She shook herself out of her sorrow, cast herself into the tides of the
Matrix. It burned around her like a multitude of stars, drowning her
loneliness with its beauty.
142. Garden
Jayhawk tried to reach the jungle where Martha had lived at the
waterwheel station, and found her way blocked by walls of intricate
code. She set herself to finding a way through them, in the time she
could spare from tending the Overnet.
It took her eleven months.
During that time she'd created a full security system for Anubis, and
had it tested twice; bargained with the Turing Police; hunted down the
records of Angela Whitechapel in every database she could find, and
deleted them all; taught Forked Lightning a decent amount of decking,
though not the Overnet knowledge he craved; and formed the basis for a
monograph by Gregor McDougal, to be privately published. She'd also
teased out of her memories the address at which *he* had vanished into the
Matrix. It was a maternity hospital in Victoria, BC. Deliberately, she
followed that line no further.
The barrier code was among the most beautiful she'd ever seen. Its
elegance was finally her key to passing through it; she looked for a
solution of equal beauty, crafted passcodes like diamonds until she
found one which worked. With a tiny internal wrench, she found herself
circling above the waterwheel station.
The jetpad had been turned into a garden, with flowers and vegetables in
neatly trimmed rows. The door to the cottage was open; she knocked anyway,
then sat down on the porch to wait.
Something came diving around the corner of the house in a blur of speed,
came up in a tense crouch. It was Martha, crimson-tipped gun cradled in
her arms. Jayhawk sat very still.
"Oh," said Martha. "I should have realized it'd be you. I guess the
defenses didn't work." She was a little thinner than Jayhawk
remembered, and deeply tanned; her hair was tied back in a bandanna, and
there were spots of dirt on the knees of her pants.
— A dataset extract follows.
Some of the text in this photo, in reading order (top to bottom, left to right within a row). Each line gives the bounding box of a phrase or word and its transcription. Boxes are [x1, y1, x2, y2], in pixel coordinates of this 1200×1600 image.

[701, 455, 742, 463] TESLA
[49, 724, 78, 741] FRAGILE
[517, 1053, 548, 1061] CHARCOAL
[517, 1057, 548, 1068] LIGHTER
"They were superb," said Jayhawk. "I've been working on them for nearly
a year. But if I'm intruding, I can certainly leave. I thought you
might want some company."
This was not the woman she loved. The distinction seemed strange to
her, but understandable; it would have made sense for someone to love
Caroline and only tolerate Jay, or vice versa. But she did care what
this Martha thought of her.
Martha frowned at her briefly, then said, "No, now that you're here you
might as well do something useful. Come help me weed." She disappeared
into the house, returned with a small shovel which she pushed into
Jayhawk's hands. Then she turned resolutely and walked back toward the
garden.
Jayhawk couldn't restrain herself. "You do it by *hand*? Here?"
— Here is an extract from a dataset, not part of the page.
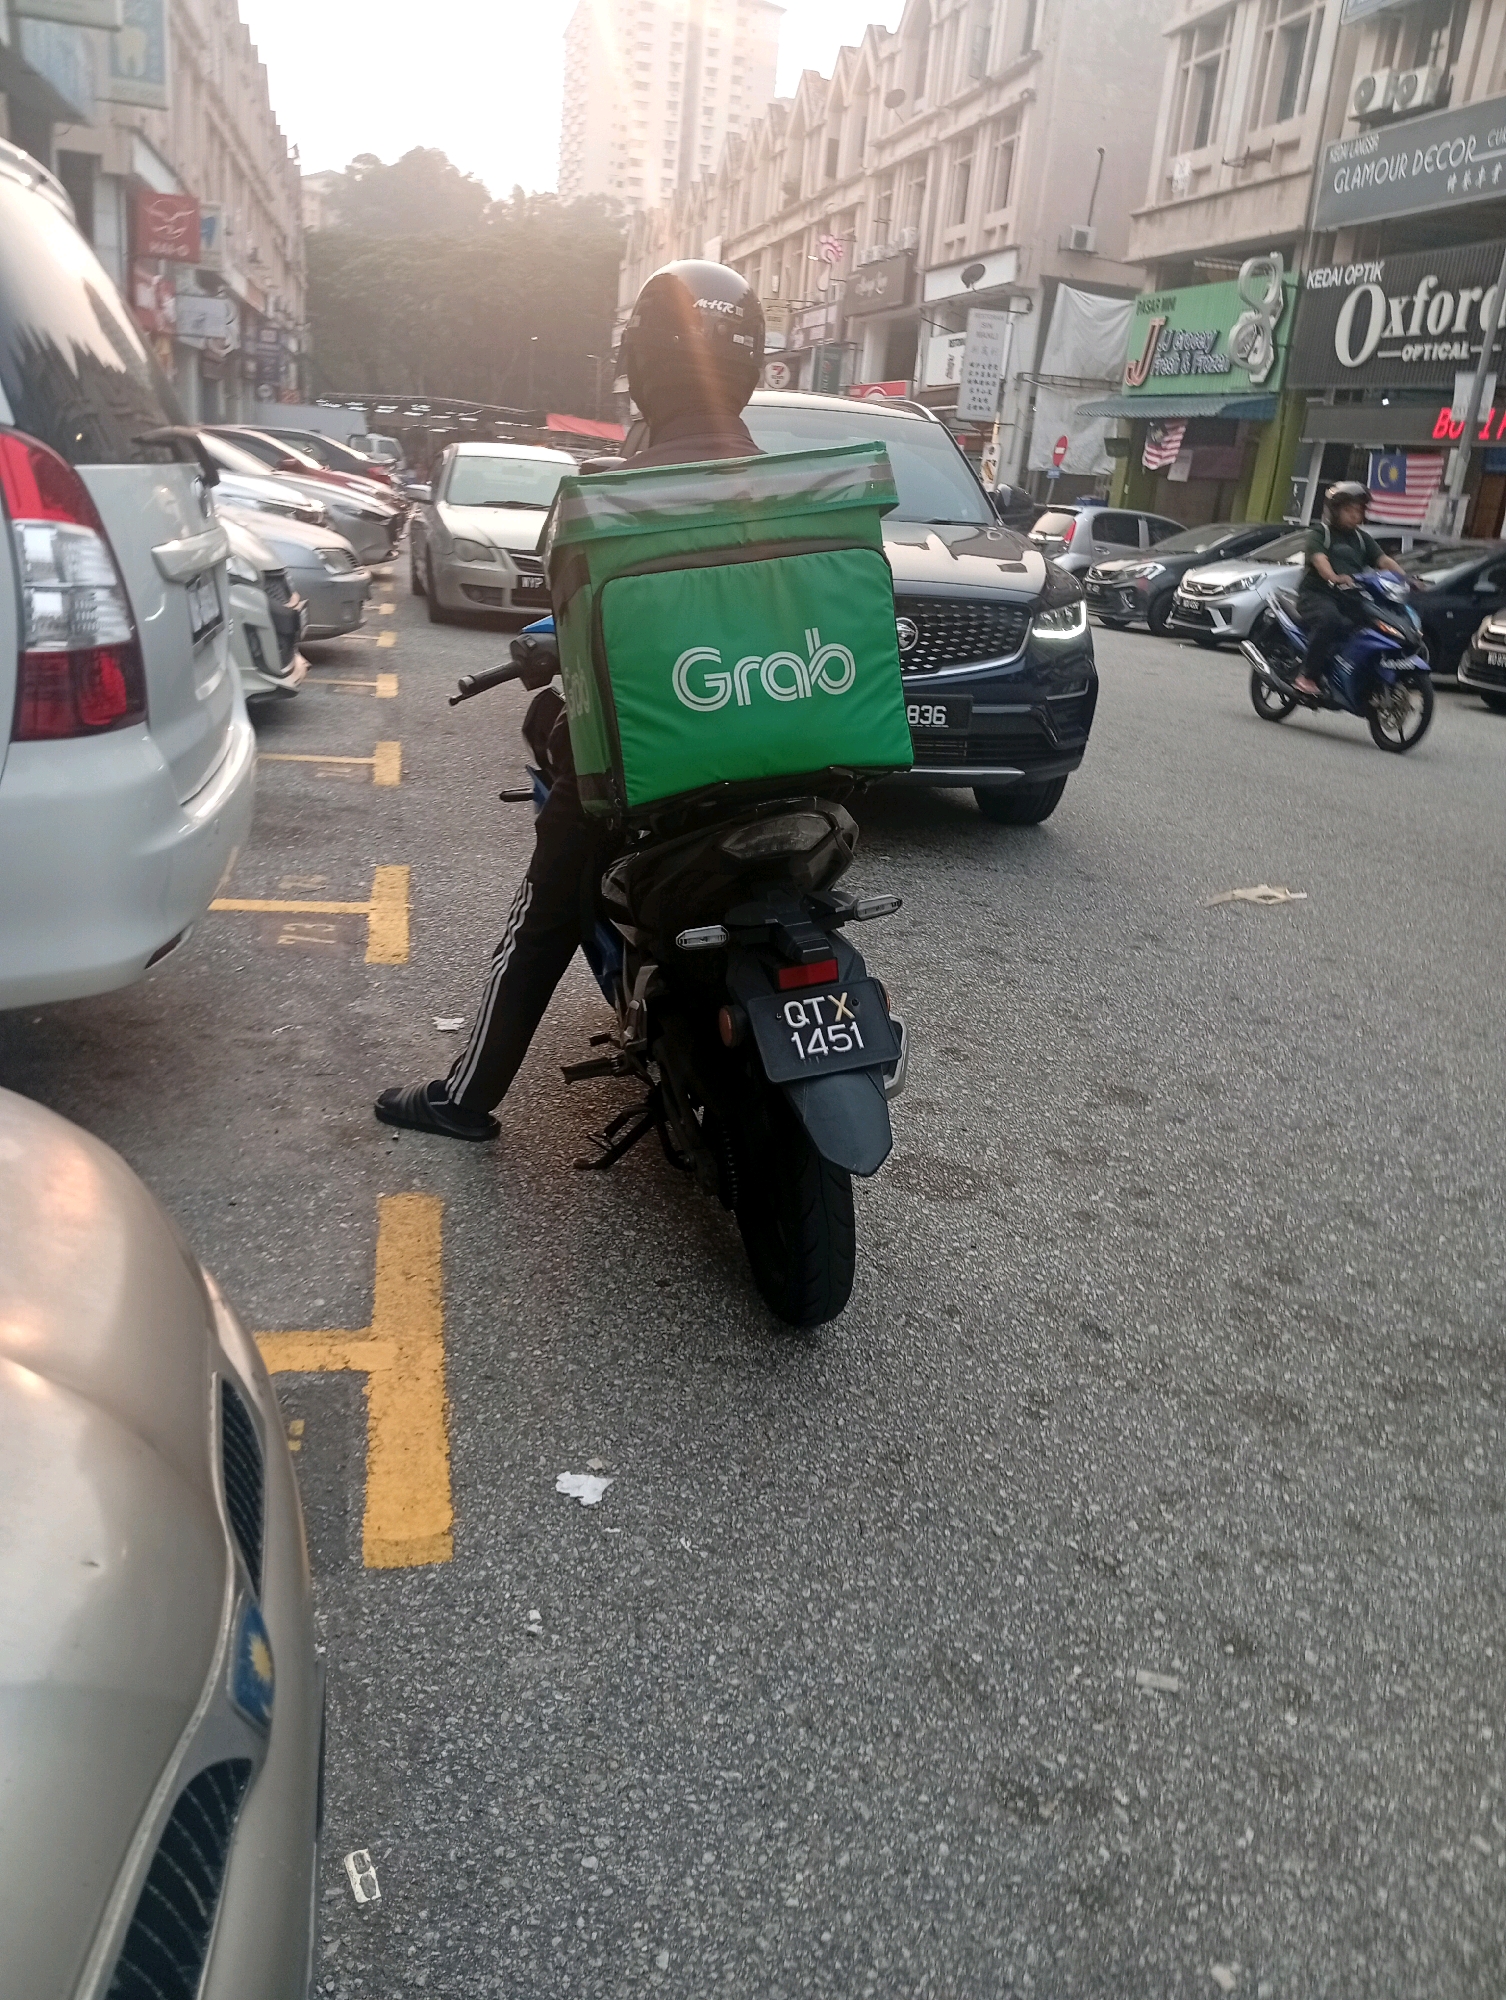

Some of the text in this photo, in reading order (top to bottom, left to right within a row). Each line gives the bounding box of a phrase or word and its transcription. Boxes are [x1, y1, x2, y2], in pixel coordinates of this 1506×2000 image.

"It's good for you. I bet you haven't been exercising."
Jayhawk snorted. "I've been looking after the entire Overnet. If that
isn't exercise, I don't know what is."
The sunlight was hotter than it was in her own gardens, and the weeds
were stubborn. For a while she had no breath for talk. Martha worked a
parallel row, quiet as if engrossed in her own thoughts. At last she
came to the end, leaned on her shovel to survey their work. Jayhawk
struggled with a final weed, finally pulled it out with an effort that
sent her tumbling backwards. The earth was warm too, and felt very
different from her feather-clothed steel.
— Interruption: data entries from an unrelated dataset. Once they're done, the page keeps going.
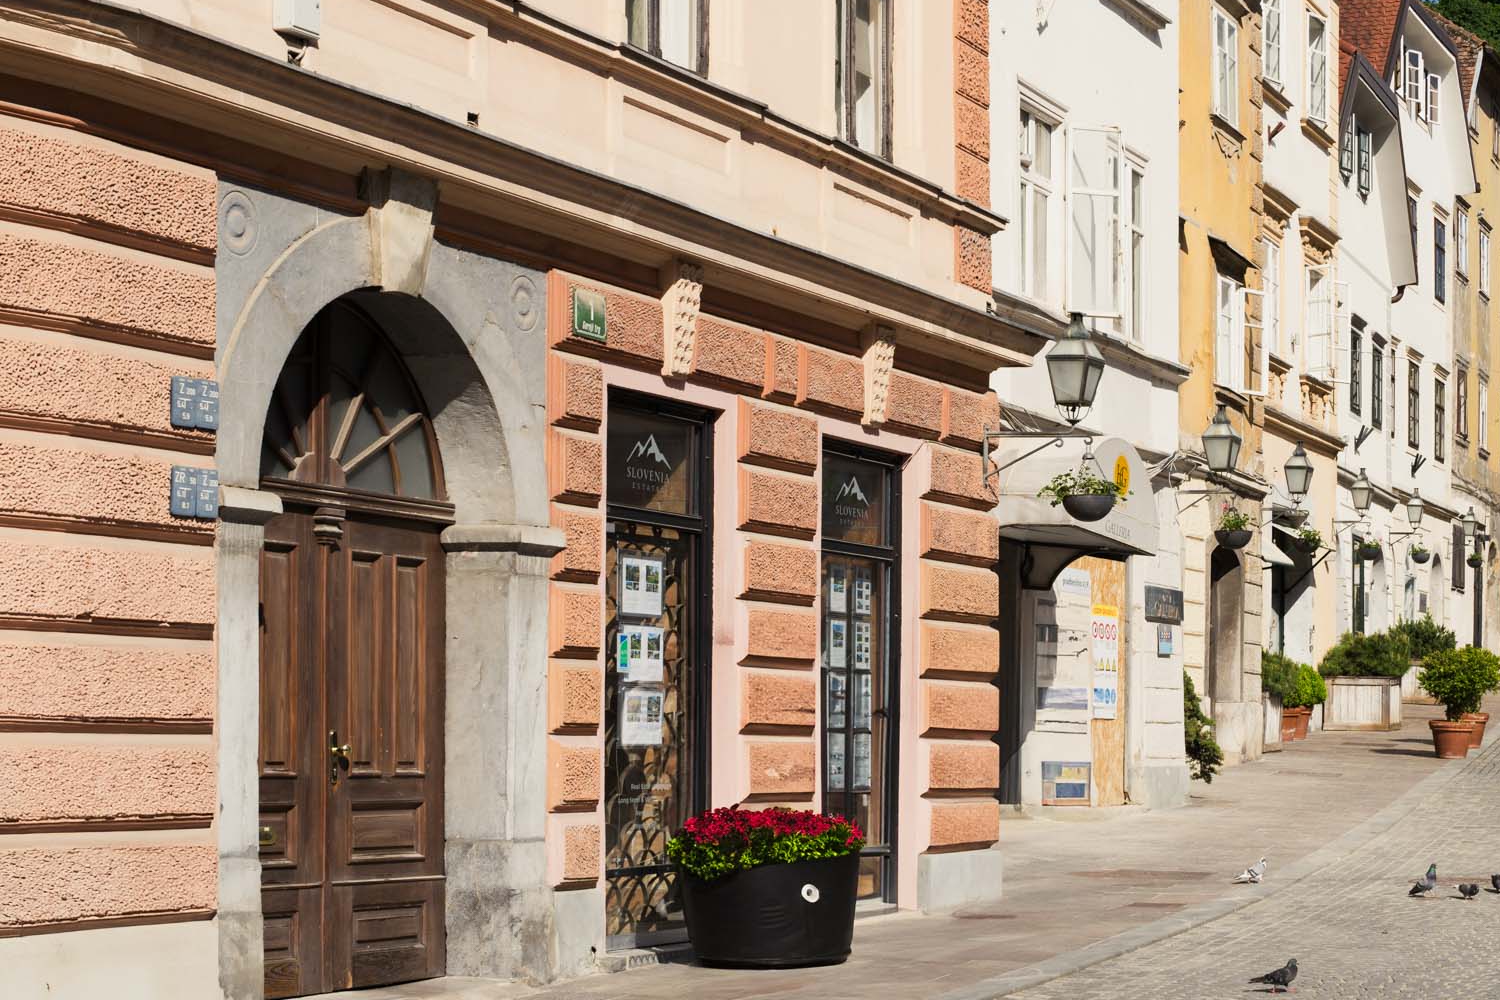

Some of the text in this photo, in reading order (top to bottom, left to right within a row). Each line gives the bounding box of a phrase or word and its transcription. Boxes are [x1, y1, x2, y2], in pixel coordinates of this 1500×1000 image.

[179, 382, 185, 394] Z
[202, 385, 208, 397] Z
[175, 471, 186, 484] ZR
[626, 466, 670, 484] SLOVENIA
[835, 504, 869, 520] SLOVENIA
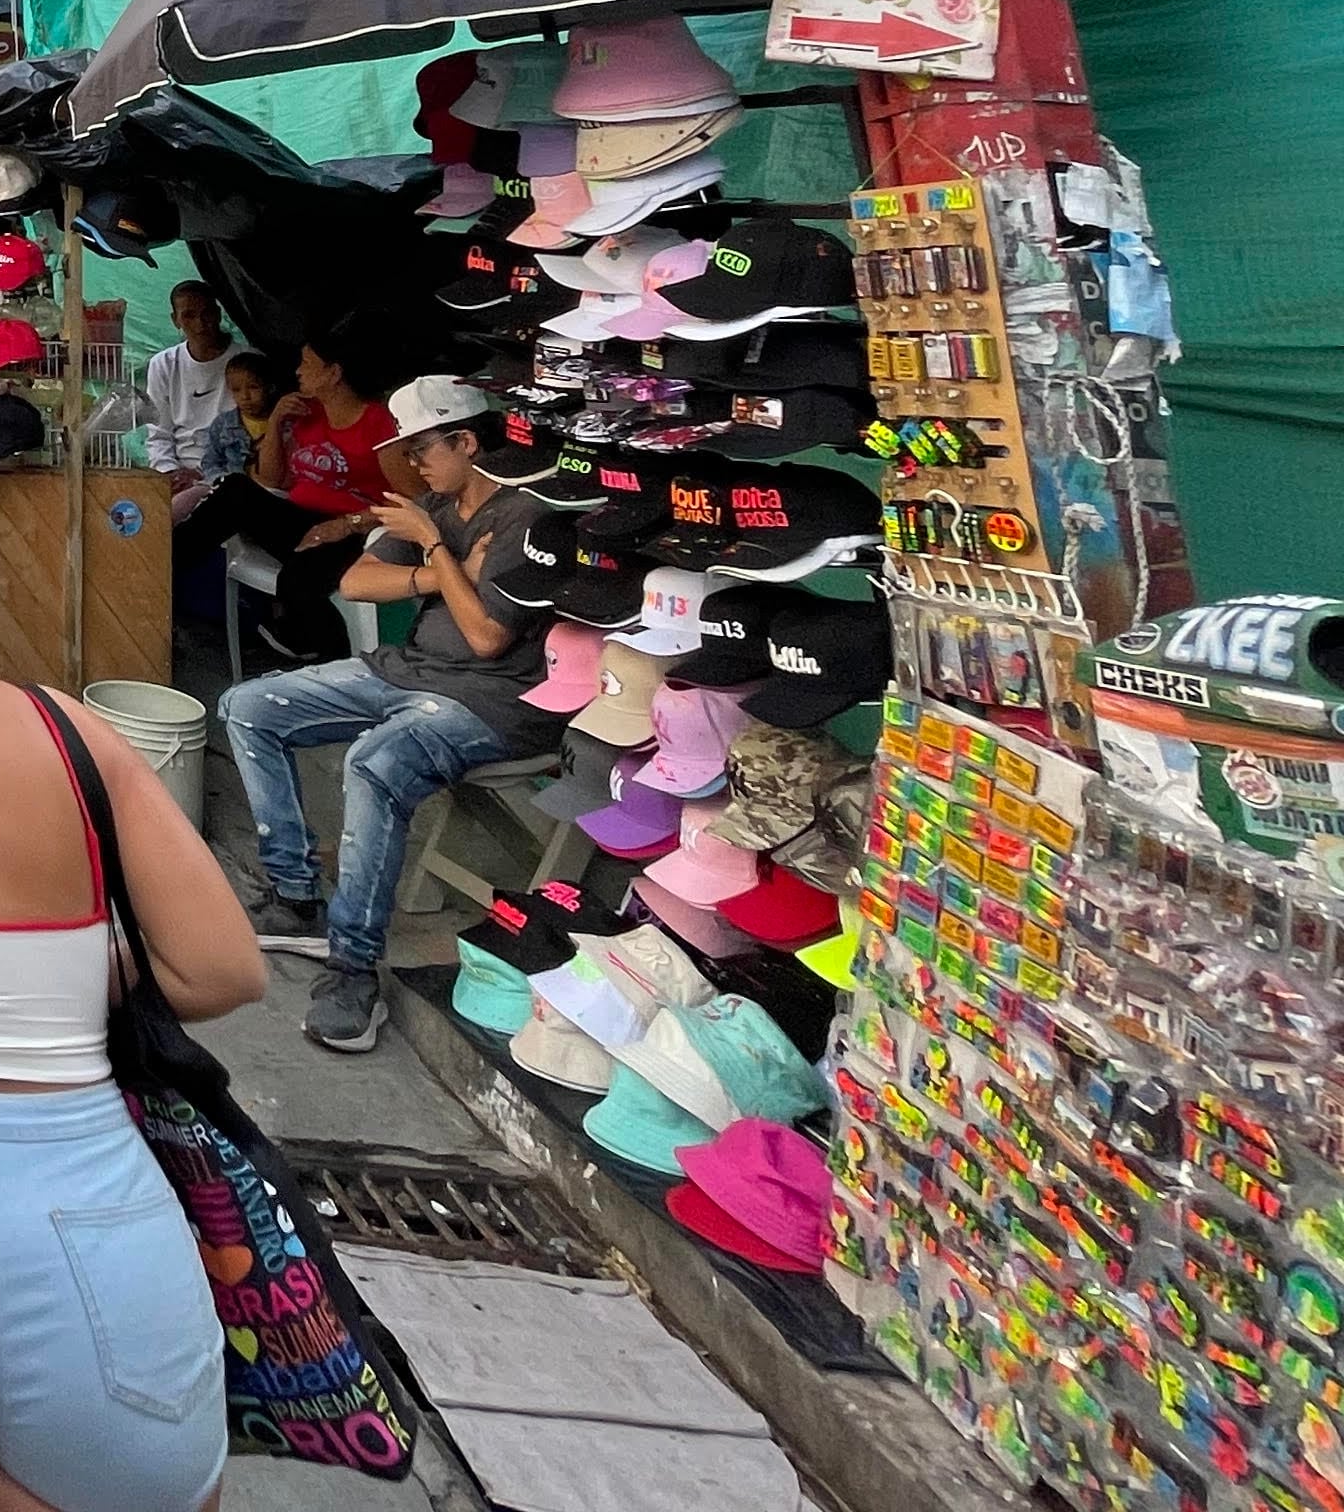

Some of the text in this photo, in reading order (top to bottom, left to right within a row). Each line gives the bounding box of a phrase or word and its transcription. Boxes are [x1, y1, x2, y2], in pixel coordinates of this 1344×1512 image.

[1099, 660, 1205, 705] CHEKS
[143, 1095, 197, 1124] RIO
[143, 1117, 213, 1149] SUMMER
[221, 1159, 288, 1274] JANEIRO
[278, 1409, 402, 1469] RIO
"How have you been?" Jayhawk said, glad of the opportunity to catch her
breath. This place was so exasperatingly physical!
"Not too badly. I've had lots of time to think...and things are coming
up here." Jay didn't recognize most of the plants, but their pattern
was so neat that the weeds were easily identifiable. "Yourself?"
"It's going well. I think the Turing Police may see reason, sooner or
later. I want the Overnet as neutral territory, like Antarctica. They
don't like negotiating with a spook, but they're coming to see the
necessity." Gingerly, feeling her way: "Can I ask...why you decided to
stay here?"
Martha's eyes were shadowed against the sun. "I felt I needed some time
to think, some time to rest. A little privacy."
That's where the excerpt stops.